The applicants, Nam Singh, Meena Kaur and their three children are Afghan nationals who reside in Sint-Gillis (Belgium). The applicants arrived in Belgium in March 2011 on a flight from Moscow. As they did not have the legally required documents, they were refused entry into Belgium and the Aliens Office issued directions for their removal. The applicants, at the same time, applied for asylum. They told the Belgian authorities that they were Afghan nationals, members of the Sikh minority and had fled Afghanistan for India in 1992 because of the attacks and kidnappings endured by the Sikh and Hindu communities at that time. They had later taken refuge in Moscow. In 2009 the applicants had apparently returned to Kabul, but had not felt safe there and had fled to Belgium. On 13 April 2011 the Officer of the Commissioner General for refugees and stateless persons (CGRA) rejected their applications on the ground that they had not proved their Afghan nationality. On 24 May 2011 the Aliens Disputes Board (“CCE”) dismissed the applicants’ appeals and clearly confirmed the CGRA’s reasoning, agreeing with it that the applicants had been unable to prove their Afghan nationality or the veracity of the protection granted to them by the UNHCR. The European Court of Human Rights having indicated an interim measure (Rule 39), preventing their removal to Russia for the duration of the proceedings before it, the applicants were given leave to remain in Belgium. The applicants allege that their removal to Moscow entails a real risk of refoulement to Afghanistan, where they would face treatment in violation of Article 3.

The Court found:
-Regarding Articles 3 and 13:

The Court observed that the risk of removal to Russia had been suspended with the implementation by the Belgian Government of the interim measure indicated on 30 May 2011. However, the applicants’ status had not changed since there was still a removal order against them and they were obliged to leave Belgium.  The Court found that the applicants’ fear that the Russian authorities might send them back to their State of origin was not manifestly ill-founded.
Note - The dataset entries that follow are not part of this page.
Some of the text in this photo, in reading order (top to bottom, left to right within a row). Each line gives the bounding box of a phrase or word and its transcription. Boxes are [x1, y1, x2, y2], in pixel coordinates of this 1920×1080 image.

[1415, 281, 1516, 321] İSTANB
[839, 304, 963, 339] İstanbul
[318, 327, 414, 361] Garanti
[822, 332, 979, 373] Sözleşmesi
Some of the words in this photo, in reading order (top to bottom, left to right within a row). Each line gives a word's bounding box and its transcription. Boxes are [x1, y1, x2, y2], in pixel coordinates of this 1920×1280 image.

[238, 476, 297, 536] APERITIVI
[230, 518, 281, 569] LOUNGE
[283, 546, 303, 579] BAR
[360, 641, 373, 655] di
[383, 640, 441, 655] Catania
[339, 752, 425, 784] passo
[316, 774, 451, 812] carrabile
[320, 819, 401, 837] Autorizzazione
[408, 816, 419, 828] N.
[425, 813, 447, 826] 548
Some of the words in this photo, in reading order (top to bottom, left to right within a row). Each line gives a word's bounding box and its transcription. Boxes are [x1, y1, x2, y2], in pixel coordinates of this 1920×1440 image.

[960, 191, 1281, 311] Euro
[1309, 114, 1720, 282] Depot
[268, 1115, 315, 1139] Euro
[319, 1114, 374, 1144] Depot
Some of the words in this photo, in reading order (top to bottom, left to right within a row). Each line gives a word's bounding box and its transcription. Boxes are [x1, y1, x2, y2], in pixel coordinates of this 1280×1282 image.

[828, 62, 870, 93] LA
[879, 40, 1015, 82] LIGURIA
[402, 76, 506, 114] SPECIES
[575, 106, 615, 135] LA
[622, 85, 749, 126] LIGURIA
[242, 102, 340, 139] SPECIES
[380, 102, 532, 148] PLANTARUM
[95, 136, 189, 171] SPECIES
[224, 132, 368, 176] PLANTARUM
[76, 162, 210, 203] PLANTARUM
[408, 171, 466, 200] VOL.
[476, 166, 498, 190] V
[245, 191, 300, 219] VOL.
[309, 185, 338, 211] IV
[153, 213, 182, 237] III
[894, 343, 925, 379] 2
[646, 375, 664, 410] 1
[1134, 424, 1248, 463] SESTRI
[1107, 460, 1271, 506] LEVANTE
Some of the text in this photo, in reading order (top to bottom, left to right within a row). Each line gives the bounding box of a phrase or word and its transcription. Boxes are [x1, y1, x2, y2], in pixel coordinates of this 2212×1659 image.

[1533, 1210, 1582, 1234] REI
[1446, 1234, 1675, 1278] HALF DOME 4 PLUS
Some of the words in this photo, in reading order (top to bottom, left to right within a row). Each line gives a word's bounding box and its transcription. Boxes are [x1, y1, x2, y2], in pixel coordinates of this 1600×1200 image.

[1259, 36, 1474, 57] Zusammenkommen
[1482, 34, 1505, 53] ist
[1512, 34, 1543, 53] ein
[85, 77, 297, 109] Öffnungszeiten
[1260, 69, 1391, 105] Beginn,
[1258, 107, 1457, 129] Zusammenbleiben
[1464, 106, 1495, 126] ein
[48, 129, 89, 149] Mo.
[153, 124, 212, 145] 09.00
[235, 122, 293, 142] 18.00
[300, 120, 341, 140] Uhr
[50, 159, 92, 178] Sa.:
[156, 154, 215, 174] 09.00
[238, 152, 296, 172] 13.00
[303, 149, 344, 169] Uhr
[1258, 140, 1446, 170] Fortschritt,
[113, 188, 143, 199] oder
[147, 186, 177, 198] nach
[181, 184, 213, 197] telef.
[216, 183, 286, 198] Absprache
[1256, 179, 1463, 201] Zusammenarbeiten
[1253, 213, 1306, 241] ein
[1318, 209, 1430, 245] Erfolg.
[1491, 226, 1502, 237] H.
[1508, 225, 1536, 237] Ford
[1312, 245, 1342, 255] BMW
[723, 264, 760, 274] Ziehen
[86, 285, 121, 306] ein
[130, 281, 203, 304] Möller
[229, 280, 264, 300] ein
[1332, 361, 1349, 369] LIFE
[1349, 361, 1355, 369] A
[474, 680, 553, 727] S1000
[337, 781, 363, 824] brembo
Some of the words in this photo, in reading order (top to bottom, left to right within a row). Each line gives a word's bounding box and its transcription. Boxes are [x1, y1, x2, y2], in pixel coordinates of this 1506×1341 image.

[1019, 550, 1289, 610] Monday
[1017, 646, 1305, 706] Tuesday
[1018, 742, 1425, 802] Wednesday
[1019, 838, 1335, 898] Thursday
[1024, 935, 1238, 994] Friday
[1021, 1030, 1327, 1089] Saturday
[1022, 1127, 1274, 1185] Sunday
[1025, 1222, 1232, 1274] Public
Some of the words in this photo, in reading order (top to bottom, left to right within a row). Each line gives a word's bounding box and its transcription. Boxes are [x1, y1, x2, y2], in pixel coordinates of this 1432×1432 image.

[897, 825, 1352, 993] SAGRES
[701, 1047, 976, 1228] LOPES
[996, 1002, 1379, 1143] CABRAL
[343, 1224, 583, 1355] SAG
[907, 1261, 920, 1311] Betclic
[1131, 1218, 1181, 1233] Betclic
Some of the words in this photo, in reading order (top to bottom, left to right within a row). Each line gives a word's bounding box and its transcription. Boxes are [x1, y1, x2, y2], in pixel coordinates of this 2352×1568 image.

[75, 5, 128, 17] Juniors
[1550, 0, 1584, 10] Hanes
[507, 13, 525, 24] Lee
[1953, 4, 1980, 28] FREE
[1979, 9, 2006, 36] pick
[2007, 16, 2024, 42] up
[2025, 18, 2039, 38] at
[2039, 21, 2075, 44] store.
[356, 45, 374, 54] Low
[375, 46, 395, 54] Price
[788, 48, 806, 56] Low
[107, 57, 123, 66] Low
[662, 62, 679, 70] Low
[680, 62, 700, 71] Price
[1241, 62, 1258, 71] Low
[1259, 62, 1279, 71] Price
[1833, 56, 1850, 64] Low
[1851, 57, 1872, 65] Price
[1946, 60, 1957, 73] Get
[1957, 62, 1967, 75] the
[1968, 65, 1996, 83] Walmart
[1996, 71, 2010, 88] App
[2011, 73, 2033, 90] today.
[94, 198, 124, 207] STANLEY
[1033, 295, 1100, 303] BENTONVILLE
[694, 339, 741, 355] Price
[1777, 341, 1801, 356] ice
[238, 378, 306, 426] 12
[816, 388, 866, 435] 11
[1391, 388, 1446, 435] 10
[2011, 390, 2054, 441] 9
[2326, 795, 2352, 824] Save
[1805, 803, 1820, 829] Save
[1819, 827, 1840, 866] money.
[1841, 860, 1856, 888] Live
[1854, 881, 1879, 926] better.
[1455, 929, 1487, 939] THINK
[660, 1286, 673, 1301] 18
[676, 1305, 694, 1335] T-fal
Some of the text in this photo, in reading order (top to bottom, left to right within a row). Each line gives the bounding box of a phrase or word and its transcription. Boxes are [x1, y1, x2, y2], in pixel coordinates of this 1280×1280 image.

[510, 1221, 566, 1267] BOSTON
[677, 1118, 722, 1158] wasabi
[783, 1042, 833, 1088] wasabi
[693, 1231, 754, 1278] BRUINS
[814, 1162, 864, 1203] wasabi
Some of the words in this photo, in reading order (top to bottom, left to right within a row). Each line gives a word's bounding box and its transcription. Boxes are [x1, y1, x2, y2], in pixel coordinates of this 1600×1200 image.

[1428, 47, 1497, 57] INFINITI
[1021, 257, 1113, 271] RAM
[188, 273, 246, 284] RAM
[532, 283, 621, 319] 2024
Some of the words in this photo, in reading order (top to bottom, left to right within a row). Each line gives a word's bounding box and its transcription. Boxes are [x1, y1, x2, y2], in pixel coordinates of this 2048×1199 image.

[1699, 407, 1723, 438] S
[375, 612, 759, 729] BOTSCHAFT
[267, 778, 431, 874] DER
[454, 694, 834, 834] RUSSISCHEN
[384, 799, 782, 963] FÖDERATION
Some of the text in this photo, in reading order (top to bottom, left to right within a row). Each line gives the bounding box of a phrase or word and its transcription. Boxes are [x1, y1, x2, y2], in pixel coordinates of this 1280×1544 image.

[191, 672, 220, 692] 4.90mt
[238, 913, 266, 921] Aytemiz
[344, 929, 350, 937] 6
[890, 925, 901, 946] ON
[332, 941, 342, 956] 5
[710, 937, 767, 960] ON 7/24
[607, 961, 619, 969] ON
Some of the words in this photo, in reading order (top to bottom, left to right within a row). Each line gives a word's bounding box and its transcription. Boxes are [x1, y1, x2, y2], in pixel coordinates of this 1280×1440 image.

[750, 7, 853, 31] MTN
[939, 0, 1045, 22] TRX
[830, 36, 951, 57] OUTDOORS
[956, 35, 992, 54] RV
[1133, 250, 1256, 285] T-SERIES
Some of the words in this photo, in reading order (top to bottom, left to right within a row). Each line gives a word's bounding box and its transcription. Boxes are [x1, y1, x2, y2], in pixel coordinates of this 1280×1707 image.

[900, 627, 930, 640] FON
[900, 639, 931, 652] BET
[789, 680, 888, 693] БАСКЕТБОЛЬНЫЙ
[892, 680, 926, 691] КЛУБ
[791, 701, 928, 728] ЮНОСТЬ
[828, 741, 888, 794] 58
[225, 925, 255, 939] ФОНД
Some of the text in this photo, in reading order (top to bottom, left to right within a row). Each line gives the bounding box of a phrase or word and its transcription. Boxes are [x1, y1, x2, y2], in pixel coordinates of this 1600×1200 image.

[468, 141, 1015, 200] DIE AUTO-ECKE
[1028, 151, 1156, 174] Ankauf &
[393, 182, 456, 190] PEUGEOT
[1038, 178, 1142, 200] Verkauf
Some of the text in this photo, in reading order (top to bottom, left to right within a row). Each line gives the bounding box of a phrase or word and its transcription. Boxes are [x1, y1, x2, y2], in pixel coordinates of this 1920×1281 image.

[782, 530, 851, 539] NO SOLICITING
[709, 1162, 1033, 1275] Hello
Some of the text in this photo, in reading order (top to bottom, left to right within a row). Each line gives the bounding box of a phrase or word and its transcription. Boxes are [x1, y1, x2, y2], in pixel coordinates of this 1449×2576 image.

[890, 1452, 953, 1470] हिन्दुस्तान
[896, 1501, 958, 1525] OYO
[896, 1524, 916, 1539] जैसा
It noted that the applicants had arrived at the Belgian border with identity documents and copies of pages from two Afghan passports and that copies of UNHCR attestations had subsequently been produced. The Court had before it a number of reports about discrimination and violence against the Sikh minority in Afghanistan. In the light of that material, it found that the applicants’ allegations called for a detailed examination by the Belgian authorities and that their complaints under Article 3 were thus “arguable”. In view of the importance that the Court attached to Article 3 and the irreversible nature of the potential harm, Article 13 required close and rigorous scrutiny of individual situations by the reviewing authority. To that end, it was not sufficient for that authority to place itself artificially at the time of the removal decision in order to assess its validity under Article 3. Moreover, in order to be effective, a domestic remedy must have automatic suspensive effect, staying the execution of the removal order. As there was no effective remedy available to the applicants, they could not be criticised for not having expressed their fears of refoulement from Russia to Afghanistan at the time the measure was notified on 19 March 2011. In addition, the asylum bodies had not sought to ascertain whether there were any risks for the applicants under Article 3 of the Convention. The CGRA had not made any additional inquiries, for example to authenticate the identity documents presented. The CCE had not made up for that omission, whereas the documents presented to it by the applicants had been capable of dispelling the doubts expressed by the CGRA as to their identities and previous movements. The CCE had given no weight to those documents on the grounds that they were easy to falsify and the applicants were not able to supply the originals.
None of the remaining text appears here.